AIM OF THE EXERCISE.
Lines that include "CRISPY" make up the answer; copy all of them from the data below.

DATA PROVIDED.

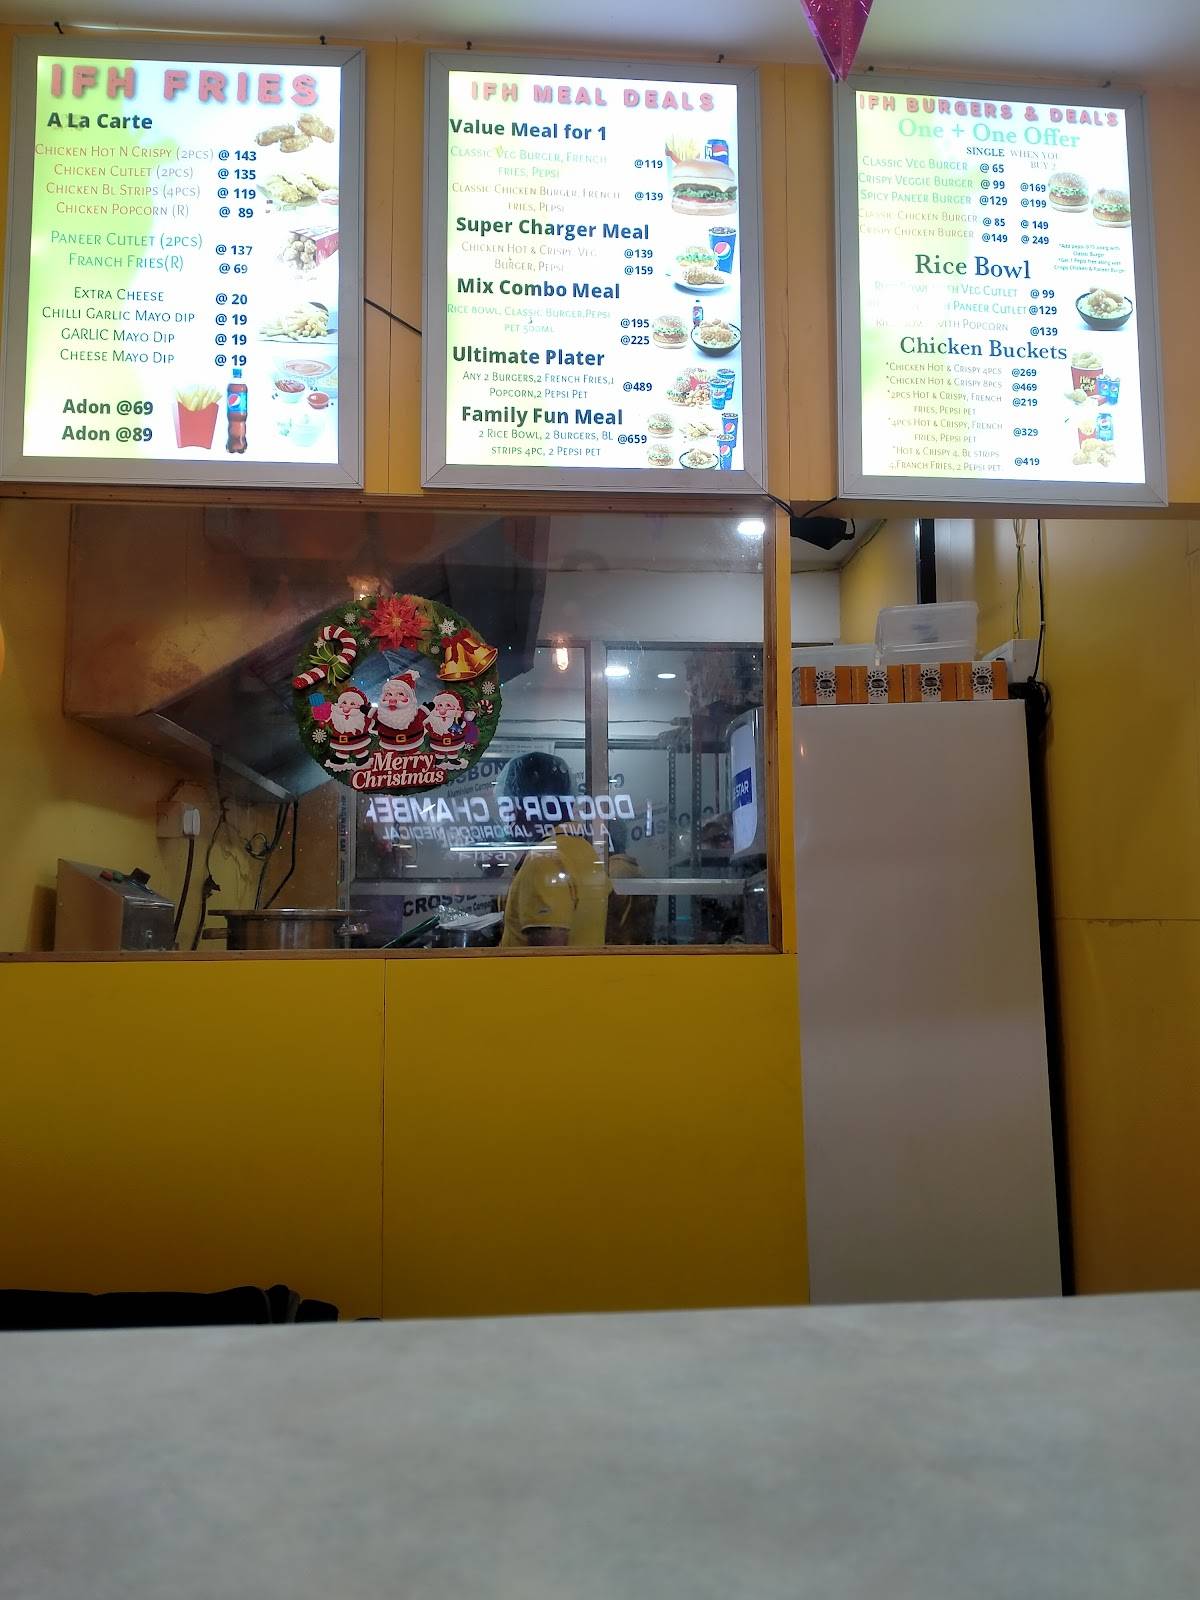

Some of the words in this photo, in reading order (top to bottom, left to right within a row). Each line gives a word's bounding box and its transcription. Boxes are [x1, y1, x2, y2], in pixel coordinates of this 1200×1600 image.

[50, 63, 136, 99] IFH
[164, 69, 319, 107] FRIES
[471, 80, 519, 102] IFH
[533, 85, 608, 107] MEAL
[623, 88, 715, 112] DEALS
[859, 94, 896, 112] IFH
[906, 97, 1014, 121] BURGERS
[1023, 105, 1039, 122] &
[1049, 107, 1119, 128] DEAL'S
[47, 112, 62, 128] A
[67, 112, 90, 129] La
[97, 113, 153, 130] Carte
[450, 118, 505, 136] Value
[511, 122, 558, 139] Meal
[564, 124, 593, 141] for
[597, 126, 607, 141] 1
[898, 118, 944, 139] One
[952, 123, 965, 139] +
[973, 123, 1017, 144] One
[1024, 126, 1081, 149] Offer
[35, 143, 87, 157] CHICKEN
[91, 146, 114, 157] HOT
[119, 146, 128, 157] N
[131, 146, 172, 159] CRISPY
[234, 150, 257, 162] 143
[966, 146, 1005, 158] SINGLE
[54, 163, 106, 177] CHICKEN
[110, 165, 153, 177] CUTLET
[156, 165, 193, 179] (2PCS)
[234, 168, 257, 180] 135
[634, 159, 664, 169] @119
[862, 155, 903, 168] CLASSIC
[928, 158, 968, 171] BURGER
[992, 164, 1005, 174] 65
[46, 182, 98, 195] CHICKEN
[119, 184, 159, 197] STRIPS
[234, 188, 257, 200] 119
[858, 172, 892, 185] CRISPY
[934, 175, 974, 188] BURGER
[992, 179, 1006, 190] 99
[1020, 182, 1047, 193] @169
[634, 191, 664, 201] @139
[932, 192, 972, 205] BURGER
[979, 195, 1008, 206] @129
[1020, 198, 1047, 209] @199
[56, 201, 108, 215] CHICKEN
[112, 203, 168, 217] POPCORN
[172, 204, 190, 218] (R)
[238, 207, 254, 219] 89
[456, 216, 513, 237] Super
[518, 219, 597, 241] Charger
[602, 223, 649, 240] Meal
[994, 217, 1006, 227] 85
[1032, 220, 1049, 230] 149
[51, 230, 102, 246] PANEER
[106, 232, 155, 247] CUTLET
[160, 232, 203, 250] (2PCS)
[231, 244, 253, 256] 137
[981, 232, 1009, 243] @149
[1032, 235, 1050, 245] 249
[69, 252, 123, 268] FRANCH
[127, 254, 185, 272] FRIES(R)
[233, 263, 248, 274] 69
[624, 249, 654, 259] @139
[624, 265, 654, 276] @159
[915, 253, 968, 275] Rice
[974, 255, 1032, 280] Bowl
[74, 287, 113, 301] EXTRA
[116, 288, 165, 302] CHEESE
[231, 294, 248, 306] 20
[457, 277, 494, 294] Mix
[499, 279, 567, 297] Combo
[572, 282, 621, 299] Meal
[1042, 289, 1055, 299] 99
[42, 306, 81, 320] CHILLI
[86, 307, 131, 321] GARLIC
[135, 309, 171, 323] MAYO
[175, 312, 195, 323] DIP
[231, 314, 248, 326] 19
[1028, 305, 1058, 316] @129
[620, 318, 650, 329] @195
[962, 319, 1009, 332] POPCORN
[1030, 326, 1059, 337] @139
[61, 328, 109, 341] GARLIC
[113, 329, 149, 342] MAYO
[153, 331, 176, 344] DIP
[231, 334, 248, 346] 19
[620, 335, 650, 346] @225
[60, 348, 108, 362] CHEESE
[112, 350, 149, 363] MAYO
[152, 351, 175, 364] DIP
[231, 354, 247, 366] 19
[452, 345, 540, 365] Ultimate
[545, 348, 605, 366] Plater
[900, 336, 983, 356] Chicken
[988, 339, 1068, 360] Buckets
[927, 362, 944, 372] HOT
[1011, 368, 1037, 378] @269
[462, 370, 482, 381] ANY
[545, 373, 580, 384] FRENCH
[623, 381, 653, 393] @489
[927, 376, 944, 386] HOT
[1011, 382, 1038, 393] @469
[544, 388, 570, 399] PEPSI
[572, 389, 588, 399] PET
[912, 388, 930, 399] HOT
[1012, 397, 1038, 408] @219
[62, 399, 111, 415] Adon
[116, 400, 154, 416] @69
[462, 405, 528, 427] Family
[533, 407, 569, 425] Fun
[574, 408, 623, 425] Meal
[61, 425, 110, 442] Adon
[115, 427, 153, 443] @89
[487, 428, 508, 439] RICE
[617, 434, 648, 445] @659
[1013, 427, 1039, 437] @329
[491, 446, 522, 456] STRIPS
[556, 446, 583, 456] PEPSI
[585, 447, 601, 457] PET
[1014, 457, 1040, 467] @419
[373, 751, 434, 774] Merry
[352, 769, 444, 789] Christmas

RESULT.
[131, 146, 172, 159] CRISPY
[858, 172, 892, 185] CRISPY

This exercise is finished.